I think about love, not because I am in love my cat, don't get me wrong here. My feelings for my cat are far from what I would initially define as love. No, no. We have a disturbing coexistence based around Fatty's rather unique communication techniques...and these used mostly to let me know that she's unhappy with me....but there is extreme honesty between me and the cat:
Examples of ways that, in the past week, Fatty has let me know how she feels about me:
Sitting on my face
slapping me with her tail
batting at my door at 4:00 in the morning to let me know it's time to clean her litter box
meowing and batting at my door at 12:30 in the morning to let me know it's time for her to eat
pooping on the bathroom rug...three feet away from her litter box...just because she hates me
coughing up hairballs at the top of the stairs
caughing up hairballs at the bottom of the stairs
walking accross the keyboard of the computer in the living room while I'm typing
getting my attention, then turning away from me with her tail up in the air (a position known as "the Shun")

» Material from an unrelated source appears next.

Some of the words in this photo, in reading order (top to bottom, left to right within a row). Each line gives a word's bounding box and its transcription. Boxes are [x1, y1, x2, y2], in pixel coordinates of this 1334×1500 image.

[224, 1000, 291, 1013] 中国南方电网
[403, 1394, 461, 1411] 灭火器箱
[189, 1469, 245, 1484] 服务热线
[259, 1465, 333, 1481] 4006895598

Fatty and I have a mutual dislike for one another and our need to bear each other's presence comes out of necessity. She bears with me because I feed her (sometimes) and I bear her because Deniece is going to come back from Africa someday and is going to wonder where Fatty went if I take her to the pound. However, there is a nugget of joy that I get from this relationship and it is this: there is no guessing involved with where I stand with Fatty. It's blissfully simple knowing for certain that I am loathed by her.
I feel like much of my misunderstanding about love comes from an evil corporation called Disney. I grew up thinking that even if I were a mute with a fish tail, there's still a possiblility a handsome prince might want to marry me. Disney is a magical place where strangers with nothing in common get all hot and bothered at first sight and then climb mountains (or, waste perfectly good genie wishes) to be with each other. That's not love, those are hormones and infatuation. You never see what the real relationship would be like. What happens when Prince Charming finds out Sleeping Beauty is just narcoleptic, or when Cinderella's husband finds her talking to the mice in the bedroom?

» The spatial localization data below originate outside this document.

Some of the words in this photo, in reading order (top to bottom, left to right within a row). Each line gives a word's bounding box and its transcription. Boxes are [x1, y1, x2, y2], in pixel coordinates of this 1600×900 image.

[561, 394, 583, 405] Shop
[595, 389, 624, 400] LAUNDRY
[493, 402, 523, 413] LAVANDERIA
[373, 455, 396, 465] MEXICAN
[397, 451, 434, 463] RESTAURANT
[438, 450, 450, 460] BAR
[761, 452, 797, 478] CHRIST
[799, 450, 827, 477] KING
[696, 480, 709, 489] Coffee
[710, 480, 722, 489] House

Maybe it's just as unrealistic to expect that everyone could represent themeselves truthfully without any fear of rejection. For example, a royal date could go like this:
Haughty Heroine/Princess: Well, Doofy Prince, I'm very beautiful with a great career ahead of me as princess of my parents' vast empire. However, I have chronic halitosis...and I also like to spend hours feeding insects to my pet venus fly trap...Herbert. Oh! And I hate to vacuum.
Doofy Prince: That's cool. I'm captain of the swim team and I've got a pretty nice vast empire of my own, but I think it's unlucky to trim my toenails, I've seen the movie Snakes on a Plane 687 times and I still believe in Santa.
H H/P: Yeah. I'm pretty sure we're not very compatible. But since we're at this nice restaurant, we should go ahead and order.
DP: Cool. Have you decided what you want yet from the menu?
H H/P: No, that's another thing, I'm pretty indecisive too.
DP: Ah. Thats alright, I can't read, so I'll just get whatever you get.
Ah, so refreshing. Let's all be as honest with one another as Fatty is with the world....
you know...I'm going to take that back. I don't want Jessie to start batting at my door in the middle of the night letting me know when she's hungry. Yeah, brutal honesty might not be the BEST idea. Let's just carry on as usual and we'll figure it out from there.